The putative transcriptional regulatory genes of operons 3 and 4 showed higher expression levels (p < 0.05) in the presence of OPP (Supplementary Fig. S8), although they exhibited diverse expression patterns. In operon 3, OppR1, a XylR_N-type σ54-dependent transcriptional regulator, showed a significant increase in its expression after completion of OPP degradation (27 h) (Supplementary Fig. S8), suggesting a repressor activity. In contrast, the hbpR of P. azelaica HBP1 was a transcriptional activator of hbpCAD26. In operon 4, bphR1 and bphR2, GntR-type and XylR_N-type σ54-dependent transcriptional regulators respectively, showed increasing expression levels (p < 0.05) during degradation of OPP suggesting a transcriptional activator regulatory role (Supplementary Fig. S8).
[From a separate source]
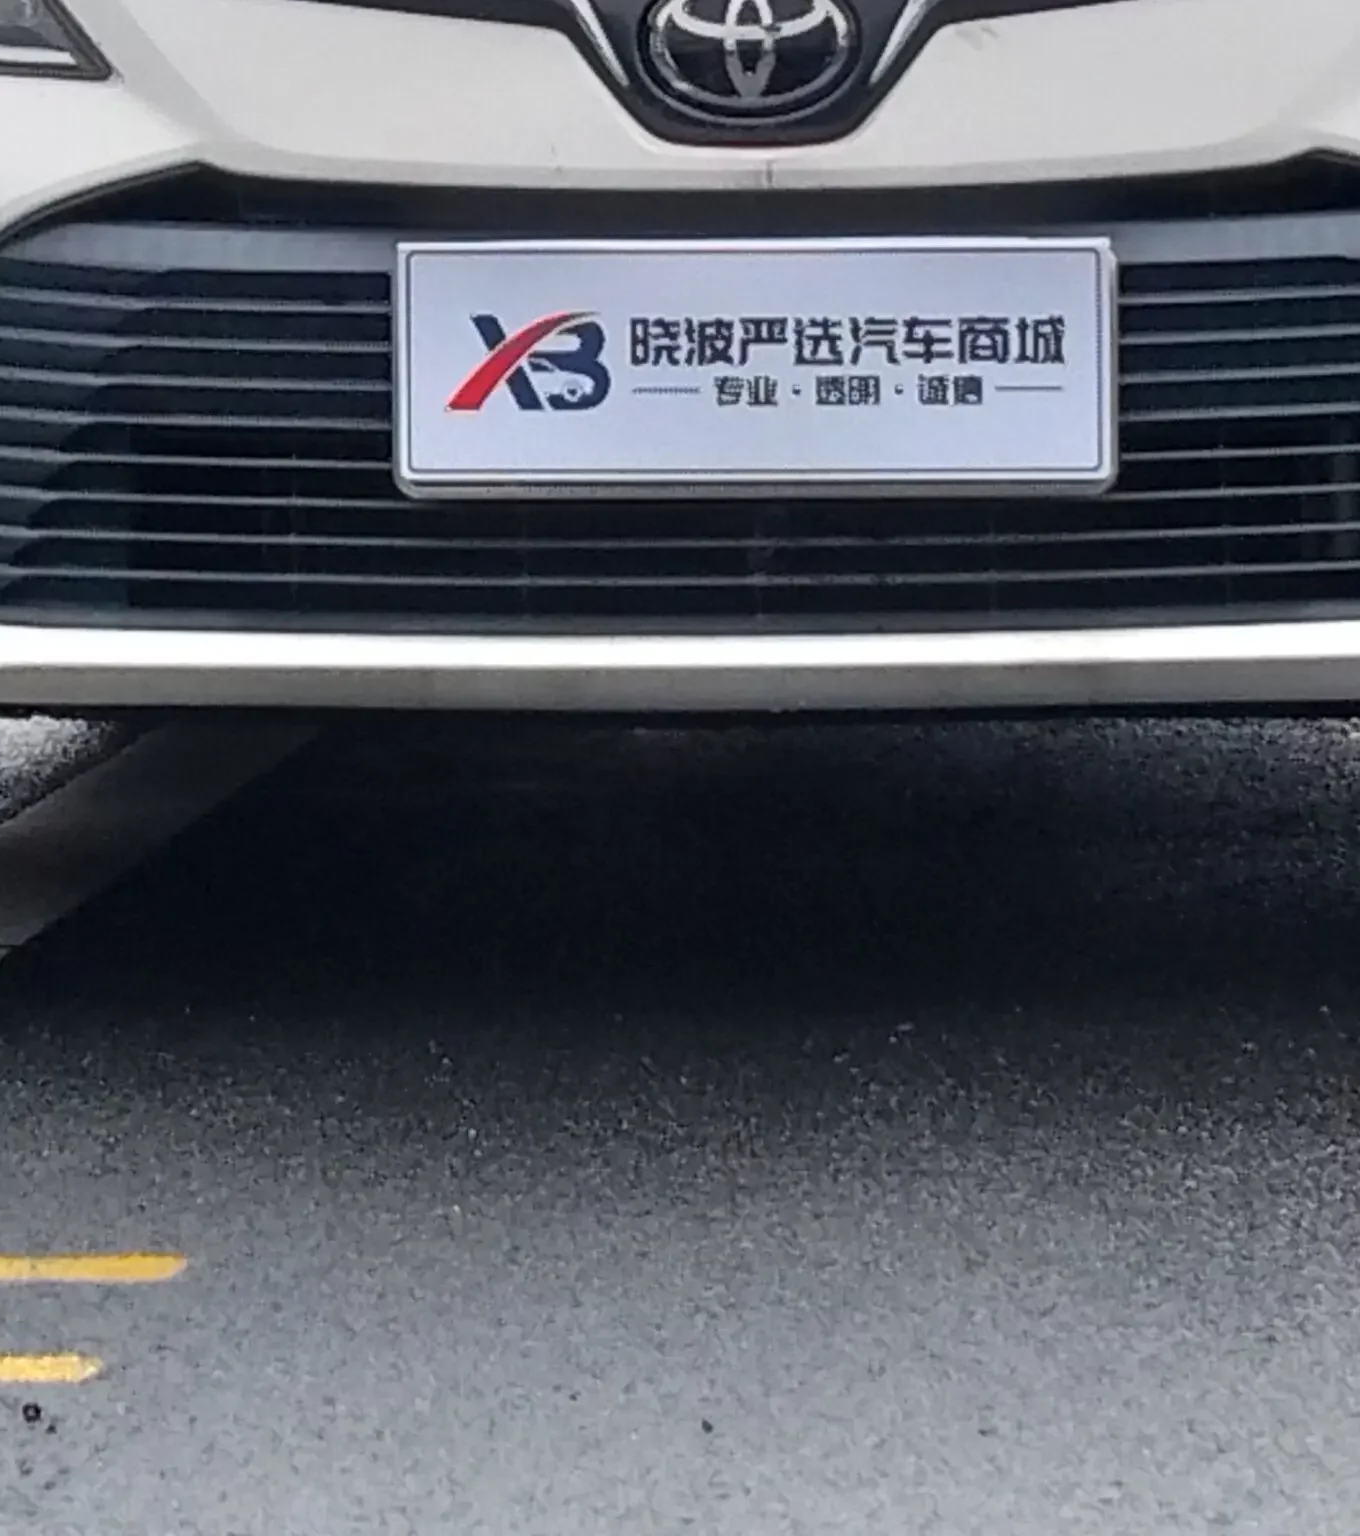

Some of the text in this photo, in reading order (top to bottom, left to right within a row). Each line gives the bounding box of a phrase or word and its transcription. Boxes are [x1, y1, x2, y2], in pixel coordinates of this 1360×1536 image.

Two-component regulatory systems are a common feature of biphenyl-degrading bacteria composed usually by a GntR family transcriptional regulator, acting either as an activator27, 54 or as a repressor28, 55, and a second LysR-type transcriptional regulator.
Overall, transcription analysis further verified the metabolic pathway of OPP, as initially depicted by the genomic and proteomic analysis, clarified the role of orthologous enzymes in the metabolic pathway of OPP and provided novel insights into the genetic networking regulating the metabolic pathway of the fungicide by S. haloaromaticamans strain P3.
Heterologous expression of the flavin-dependent monoxygenase OppA1
Proteogenomic and transcription analysis pointed to oppA1 (BHE75_04573) as responsible for the initial hydroxylation of OPP. The flavin-dependent monoxygenase encoded by this gene was isolated via heterologous expression in E. coli and purified (Fig. 5a). The isolated protein had an estimated molecular mass of ca. 68 kDa as determined by SDS-PAGE, in line with its predicted molecular mass based on its amino acid sequence. The recombinant enzyme was functional and degraded OPP in vitro in less than 9 h when 32 or 96 μg were added in the reaction, and in less than 21 h when a lower enzyme amount was used in the in vitro test (9.6 μg; Fig. 5b). These results confirmed that the monoxygenase encoded by oppA1 is responsible for the initial hydroxylation of OPP in the metabolic pathway of OPP by S. haloaromaticamans. Further analysis will focus on the detailed characterization of OppA1, considering the high industrial importance of such monoxygenases in the hydroxylation of aromatic compounds whose hydroxylation by chemical means requires harsh conditions and toxic reagents.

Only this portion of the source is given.